A report documenting the findings of the committee formed to investigate the history of faulty airbags in Cyprus and their import into the country will be presented to Attorney-General George Savvides on Friday.

The legal service announced on Thursday that Savvides will take receipt of the report at 11am.

The committee was chaired by former Supreme Court judge Michalakis Christodoulou and was also made up of Bar Association chairman Michael Vorkas and audit office member Theodosios Hadjimichail.

For a little over two months, it conducted public hearings into the matter, interviewing numerous civil servants and ministers past and present.

The issue of airbags stems from the production of faulty airbags manufactured by Japanese company Takata. The company’s airbags suffer a fault related to exposure to high levels of heat or humidity, which means they have a tendency to explode when released under such circumstances.

This explosion shoots the airbag’s metal inflator outwards and in the direction of the person it was designed to protect, potentially causing further injuries or, in some cases, death.

Incumbent Transport Minister Alexis Vafeades had at the start of February decreed the recall of over 80,000 cars which are fitted with potentially fatal Takata airbags, all of which are to be replaced over a period of eight months.

Exactly 276 vehicles were immobilised immediately, and as such had their road tax and MOT certificates rescinded.

Owners of recalled vehicles that were not immobilised are allowed to continue using them but must book an appointment with the manufacturer’s Cyprus-based distributor within eight months to have the airbags replaced. Their road tax and MOT remain valid.

While the transport ministry recommends that affected drivers avoid using their vehicles and seek alternative transport, compliance is not mandatory and no fines will be issued for continued use.
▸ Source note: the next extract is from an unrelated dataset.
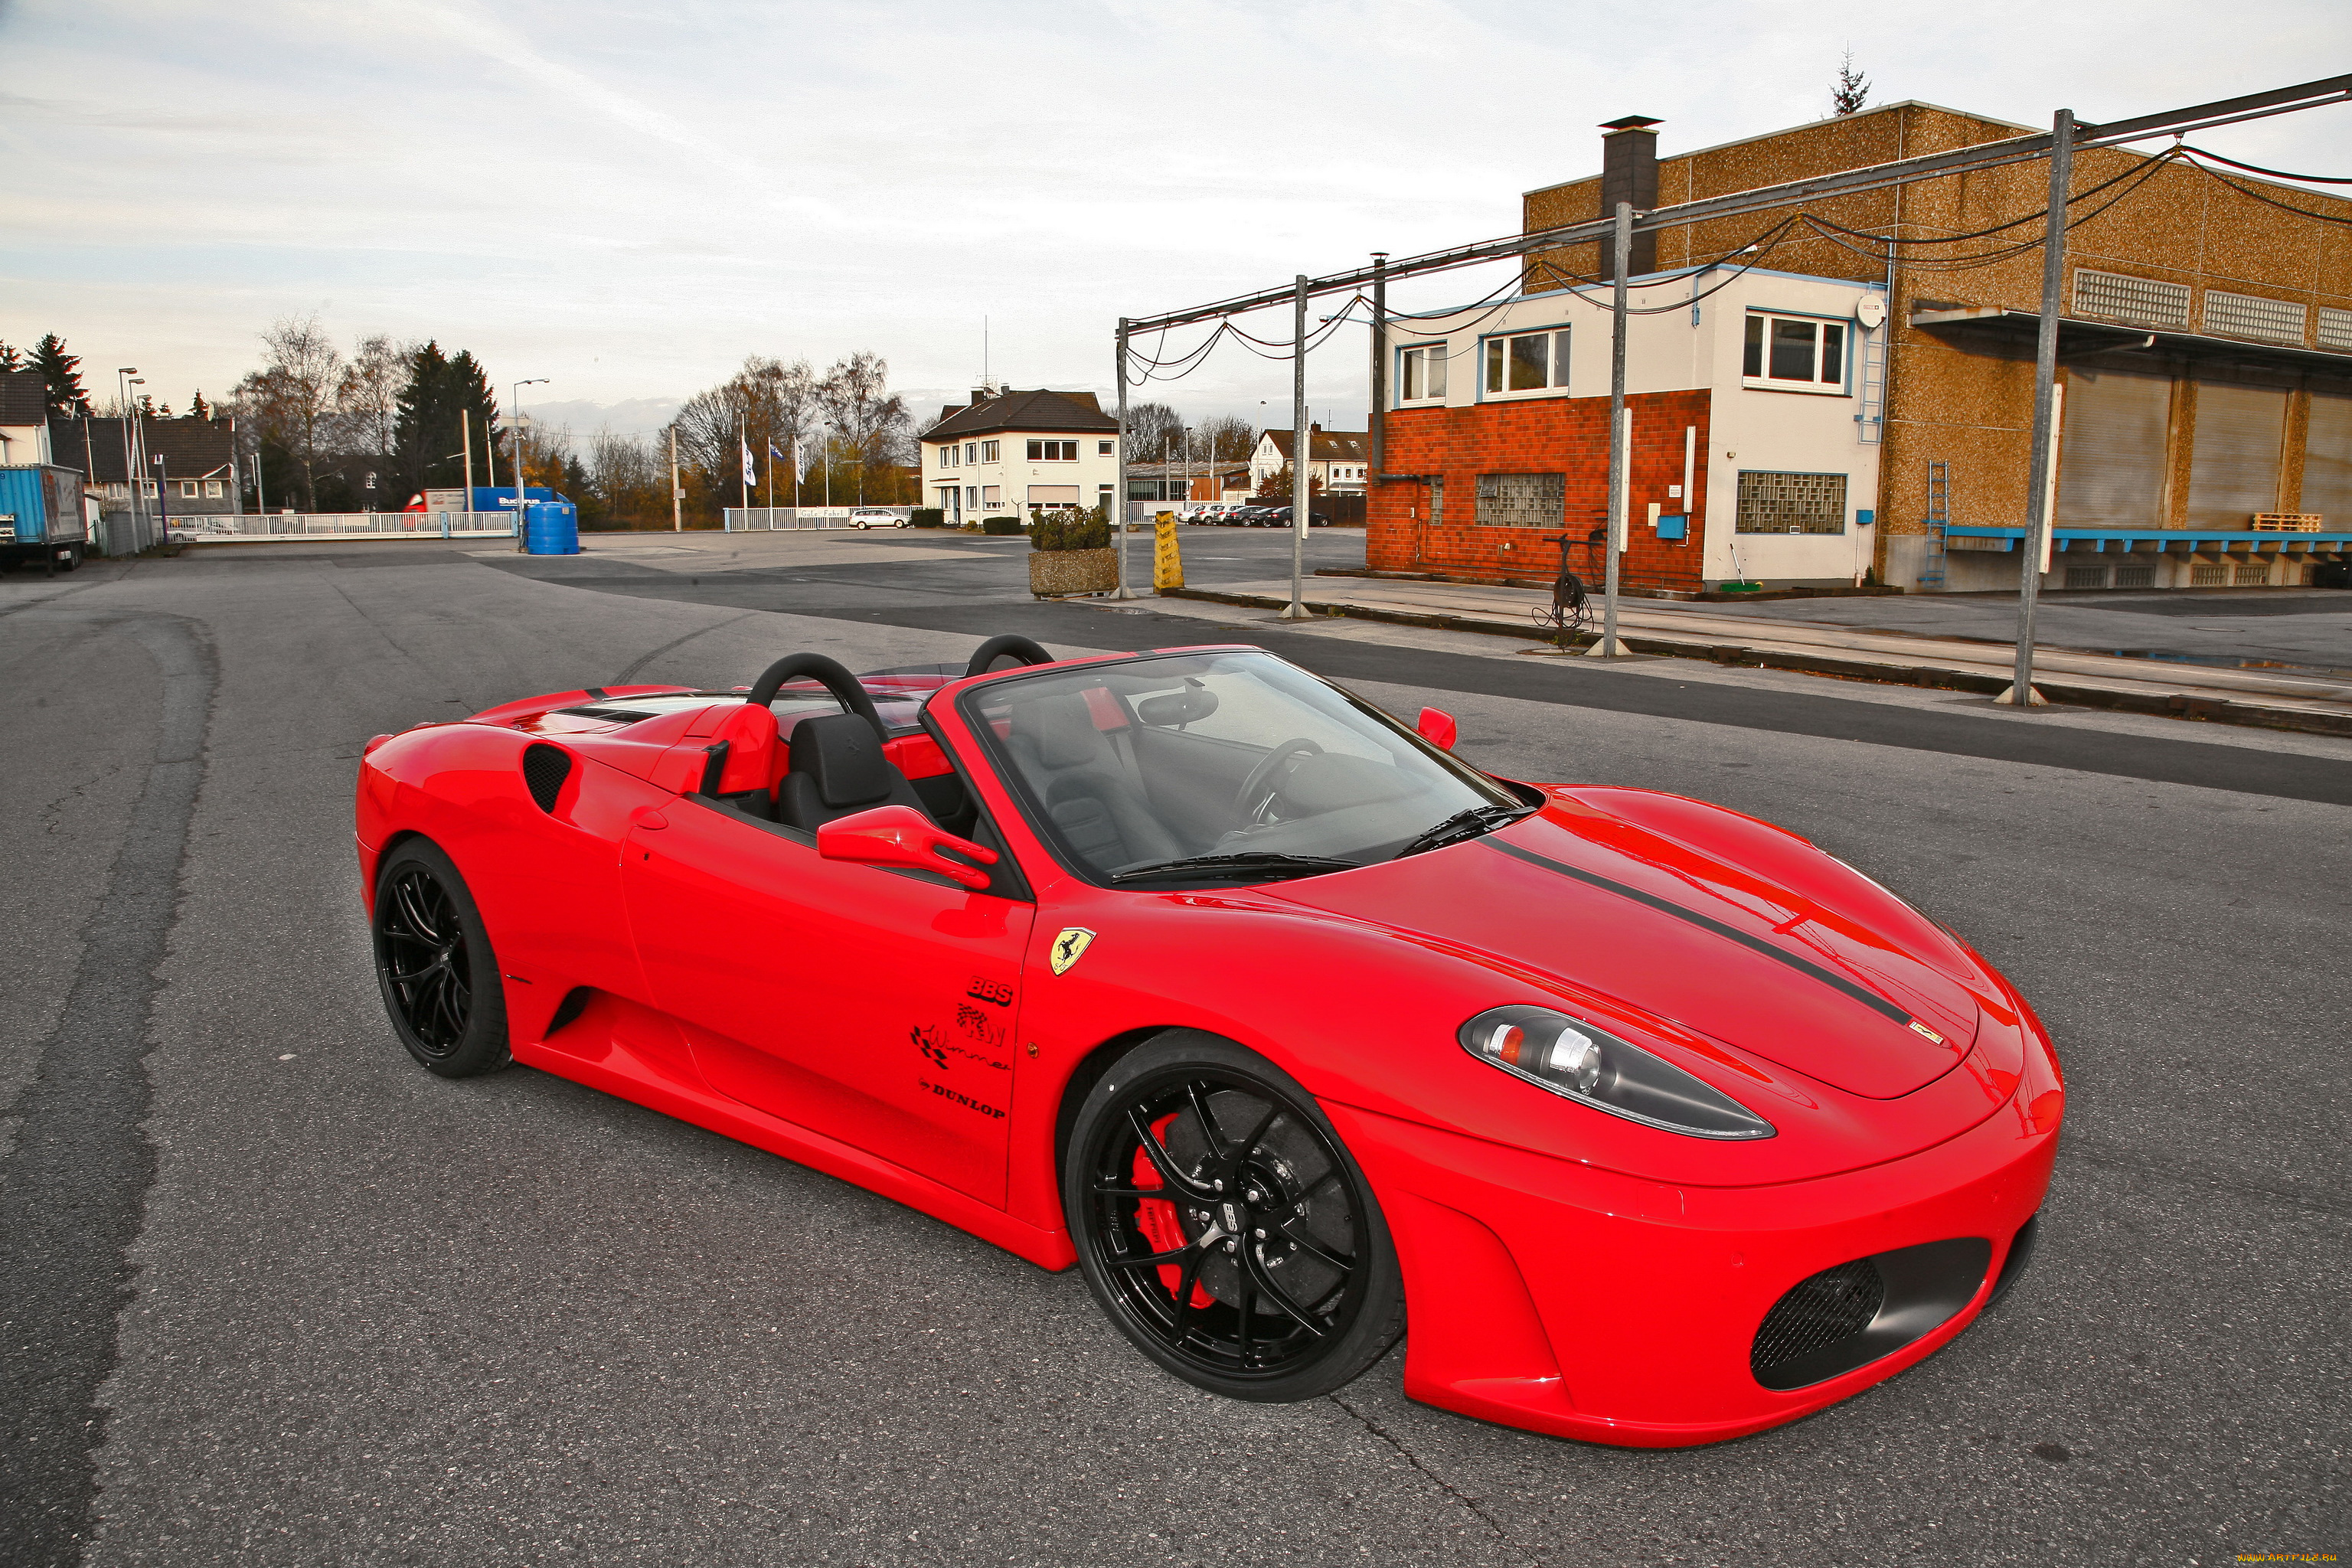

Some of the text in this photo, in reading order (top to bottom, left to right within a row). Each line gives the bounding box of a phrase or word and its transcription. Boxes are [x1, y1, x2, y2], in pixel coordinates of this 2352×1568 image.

[966, 975, 1013, 1008] BBS
[933, 1083, 1005, 1119] DUNLOP
[1223, 1203, 1238, 1232] BBS
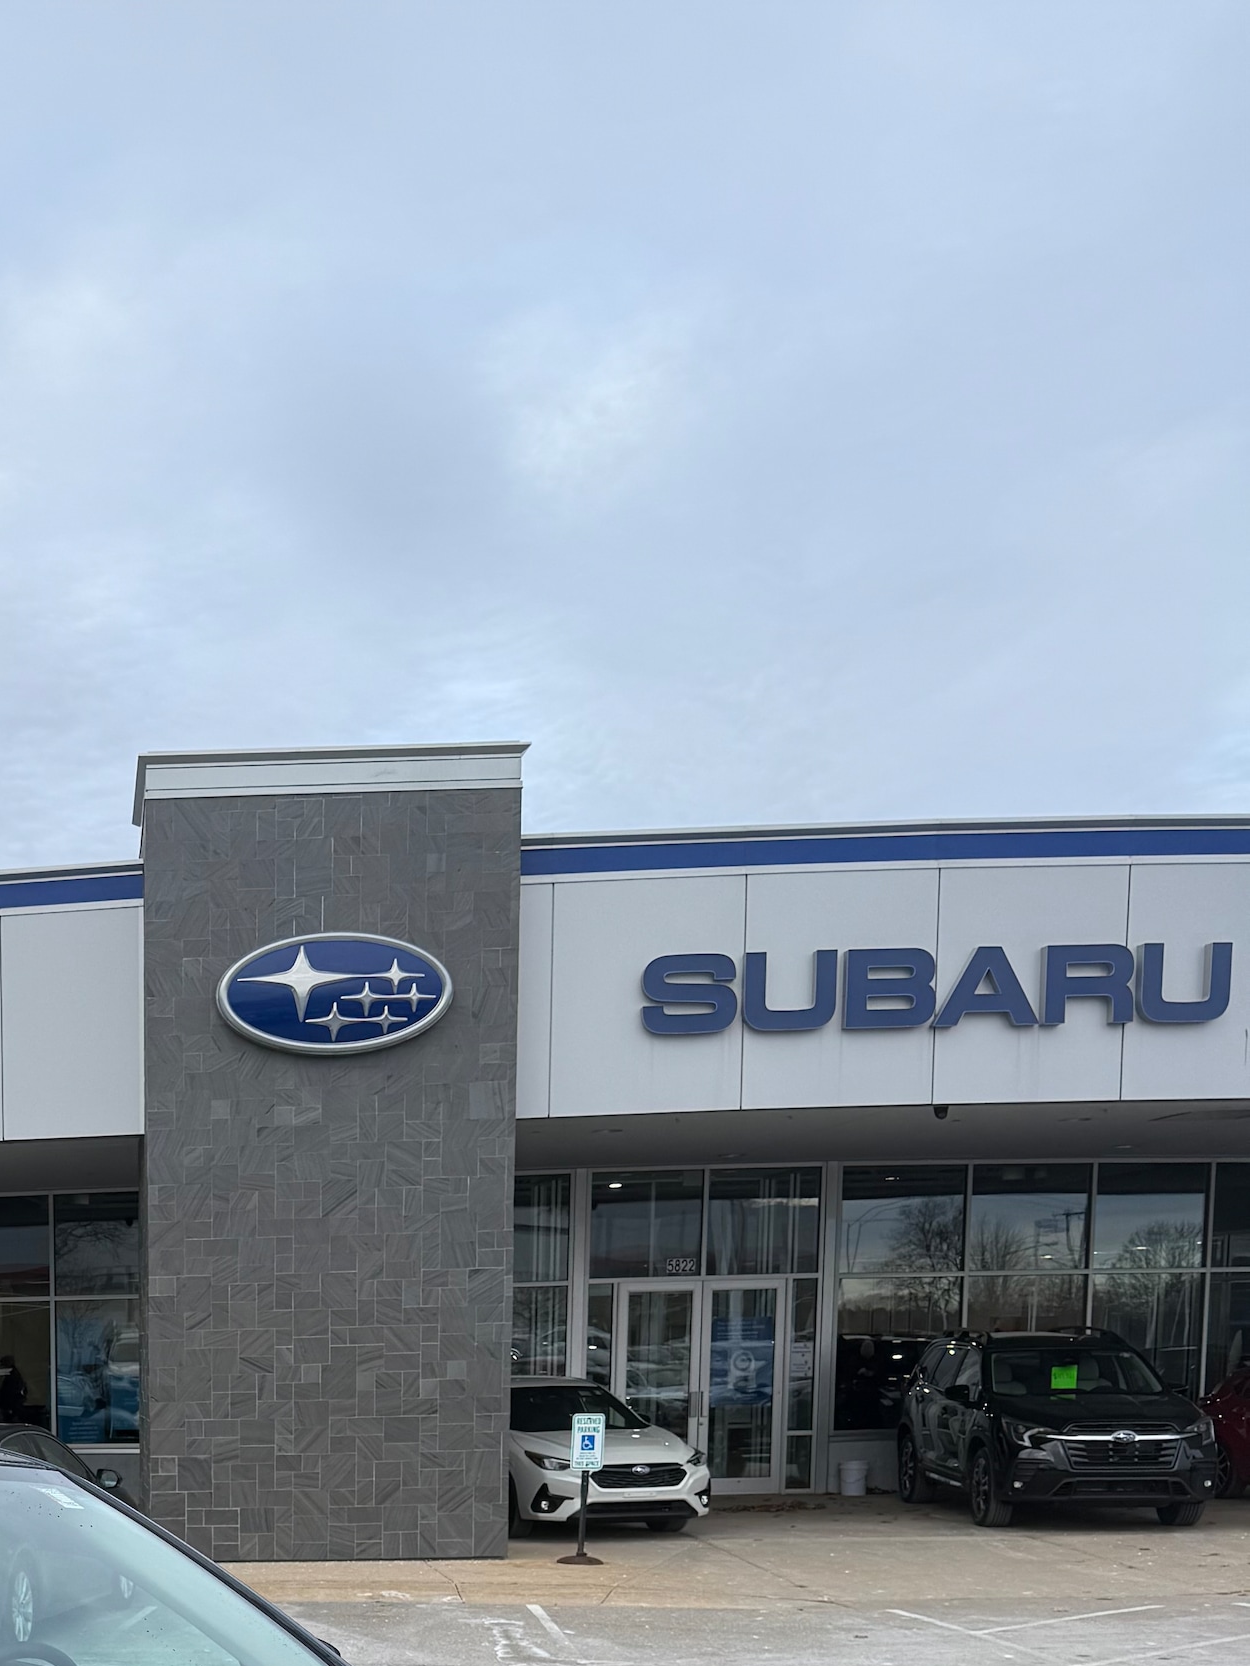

Motorists can check whether their vehicles have been subject to vehicles on the transport ministry’s website.

After the committee’s final hearing last month, parents of people killed in car accidents due to faulty Takata airbags decried the “cheap excuses” offered by current and former state officials called to testify at the committee.

Yiannos Giorgallis, the father of Styliani Giorgalli, who was killed last October, was scathing of some state officials.

We heard a lot from various people, such as ‘I did not see’, ‘I did not hear’, ‘I did not know’, ‘my predecessor did not inform me’, ‘my successor did not inform me’. For me, these are cheap excuses. If some other element is found that we did not hear and the committee manages to substantiate it, that is another matter,” he said.

He added that he is “confident” that responsibility for the matter will be correctly attributed by the report which is due to be presented on Friday, saying “the commission is trying to do a full and proper job”.

Meanwhile, Maria Loui, the mother of Kyriakos Oxinos, who was killed in January 2023, said that she and others had “witnessed logic up against absurdity” at the committee’s meetings.

“We are talking about state officials whose terms of office are supposed to be for the protection of the public. I, not as Kyriakos’ mother who experienced and is still experiencing that pain, but as a simple member of the public, with everything that was stated at the committee, find that this state does not protect its people,” she said.

“We heard directors of departments, permanent secretaries of ministers, ministers, and high-ranking police officers tell us, ‘I knew that I knew nothing’.”